(Text-to-region grounding data)
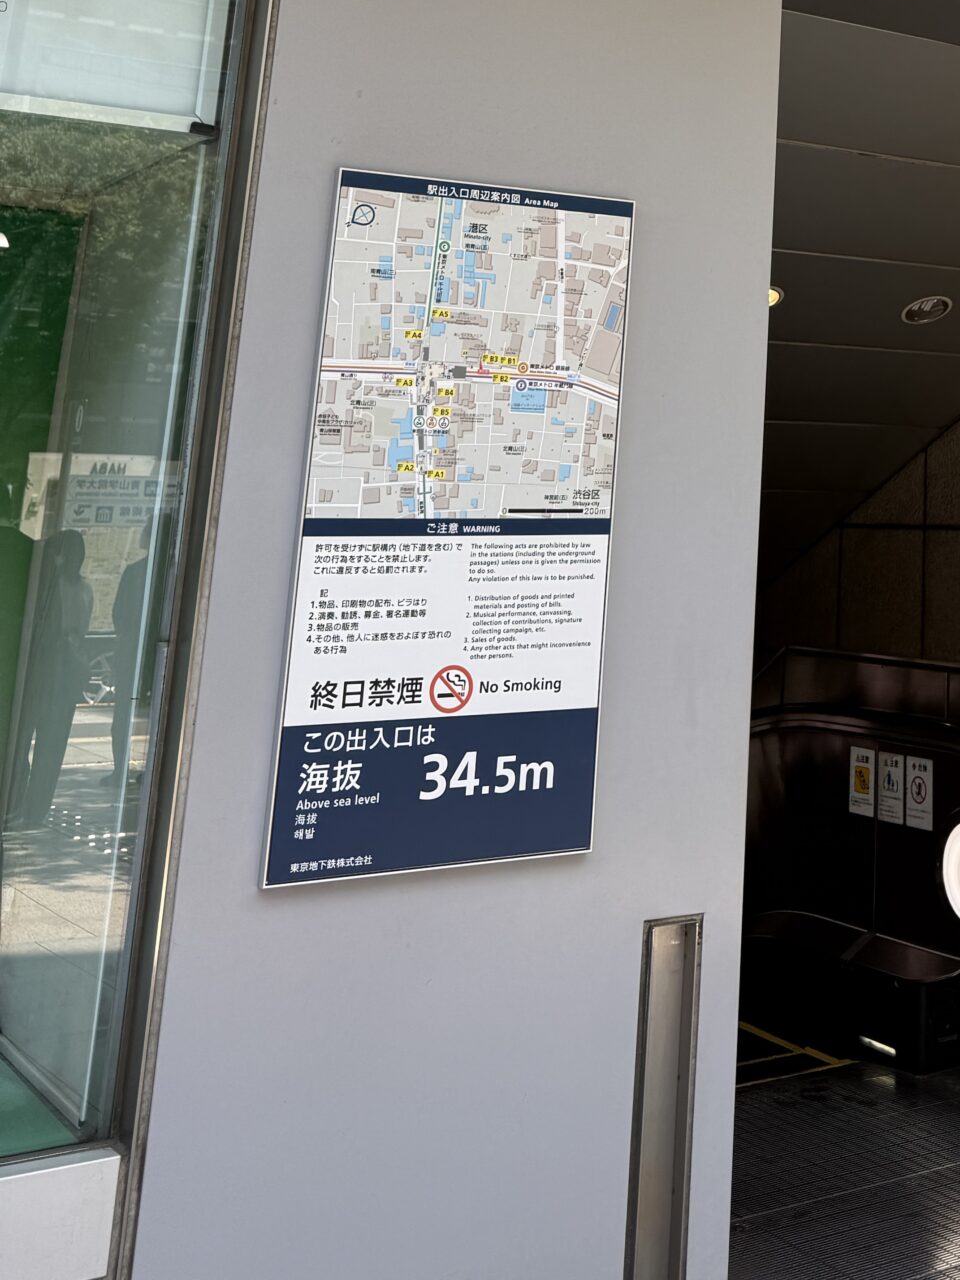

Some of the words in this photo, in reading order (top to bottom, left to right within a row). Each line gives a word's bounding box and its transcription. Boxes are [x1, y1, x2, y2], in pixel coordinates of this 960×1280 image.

[427, 184, 520, 204] 駅出入口周辺案内図
[543, 200, 558, 208] Map
[469, 222, 488, 234] 港区
[573, 490, 600, 500] 渋谷区
[427, 523, 458, 534] ご注意
[320, 589, 328, 597] 記
[314, 646, 347, 654] ある行為
[309, 676, 424, 710] 終日禁煙
[479, 680, 499, 694] No
[503, 678, 562, 694] Smoking
[303, 724, 436, 753] この出入口は
[297, 760, 363, 795] 海抜
[419, 751, 555, 800] 34.5m
[296, 800, 330, 811] Above
[334, 798, 351, 807] sea
[355, 793, 380, 805] level
[294, 828, 315, 840] 해발
[290, 856, 373, 873] 東京地下鉄株式会社
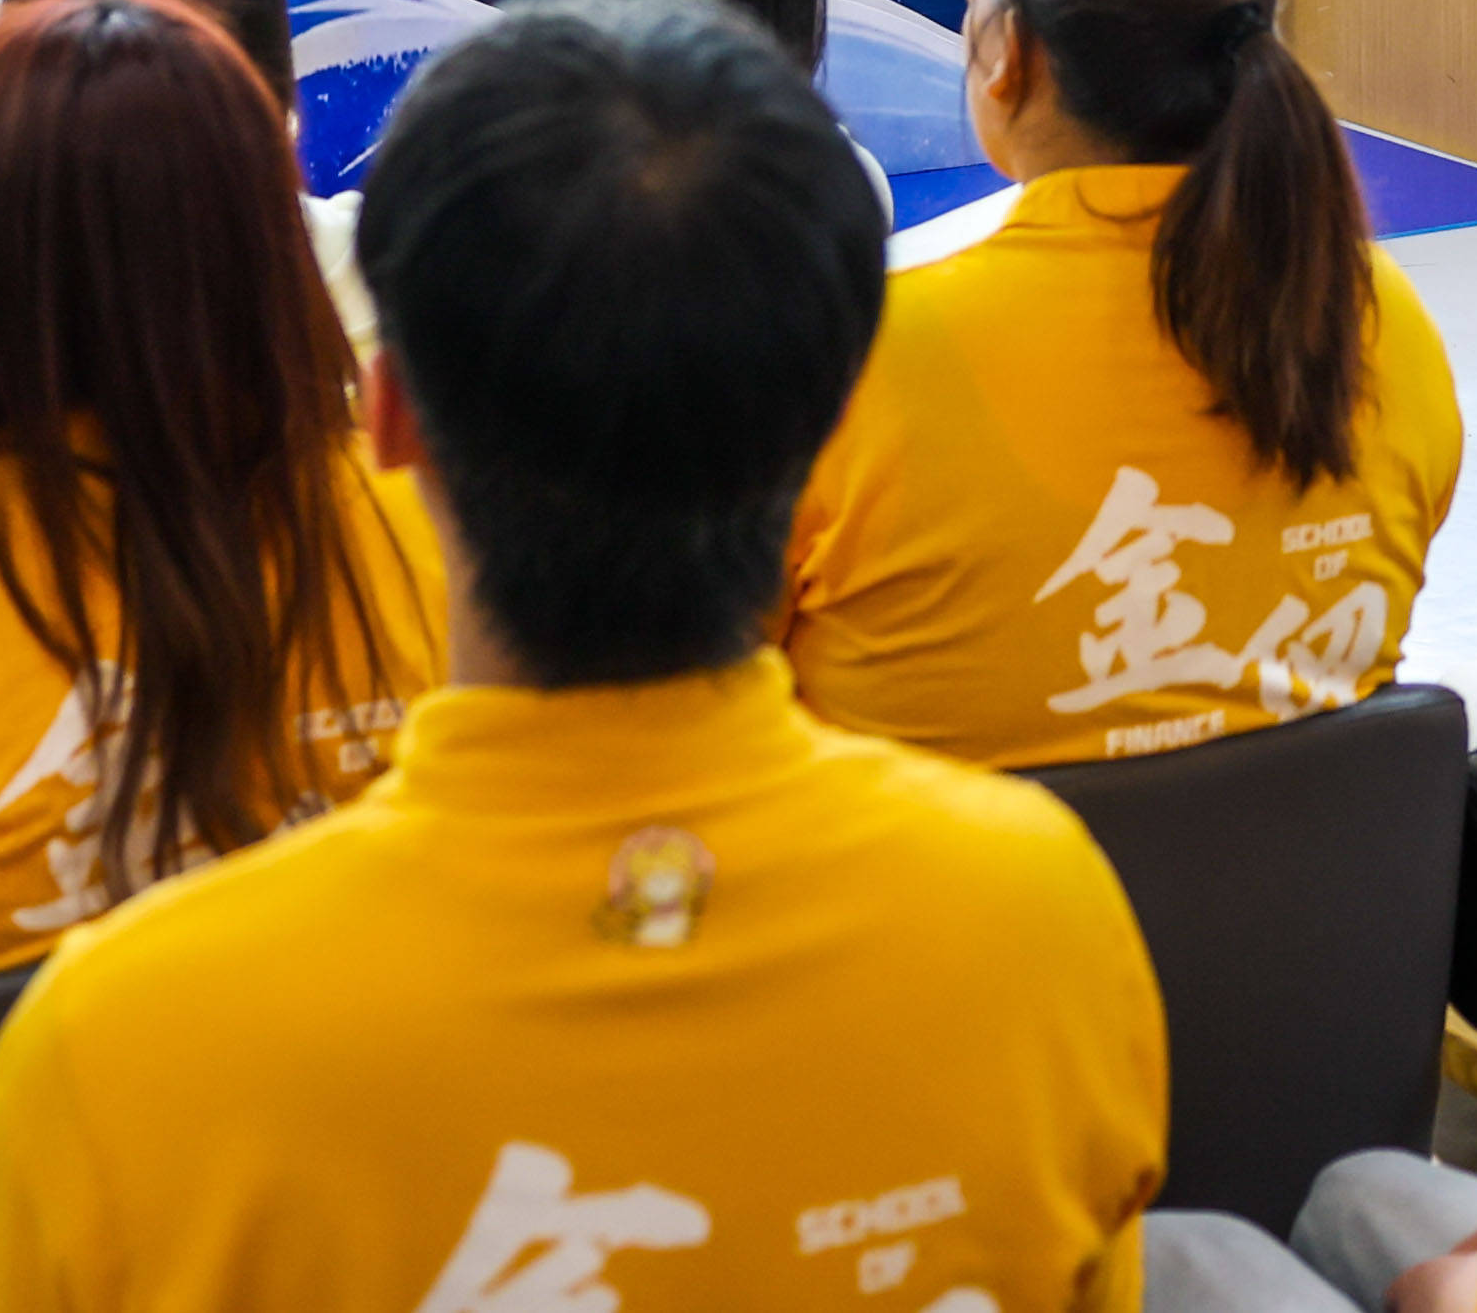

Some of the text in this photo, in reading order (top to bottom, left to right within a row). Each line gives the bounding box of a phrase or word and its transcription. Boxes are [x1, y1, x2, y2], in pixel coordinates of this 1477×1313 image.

[1281, 513, 1374, 554] SCHOOL
[1314, 550, 1349, 581] OF
[1105, 710, 1226, 758] FINANCE

=== Task goal ===
After locating the line with "Some of the text", output that line and every later one exactly, through the end of the entries above.

=== Your response ===
Some of the text in this photo, in reading order (top to bottom, left to right within a row). Each line gives the bounding box of a phrase or word and its transcription. Boxes are [x1, y1, x2, y2], in pixel coordinates of this 1477×1313 image.

[1281, 513, 1374, 554] SCHOOL
[1314, 550, 1349, 581] OF
[1105, 710, 1226, 758] FINANCE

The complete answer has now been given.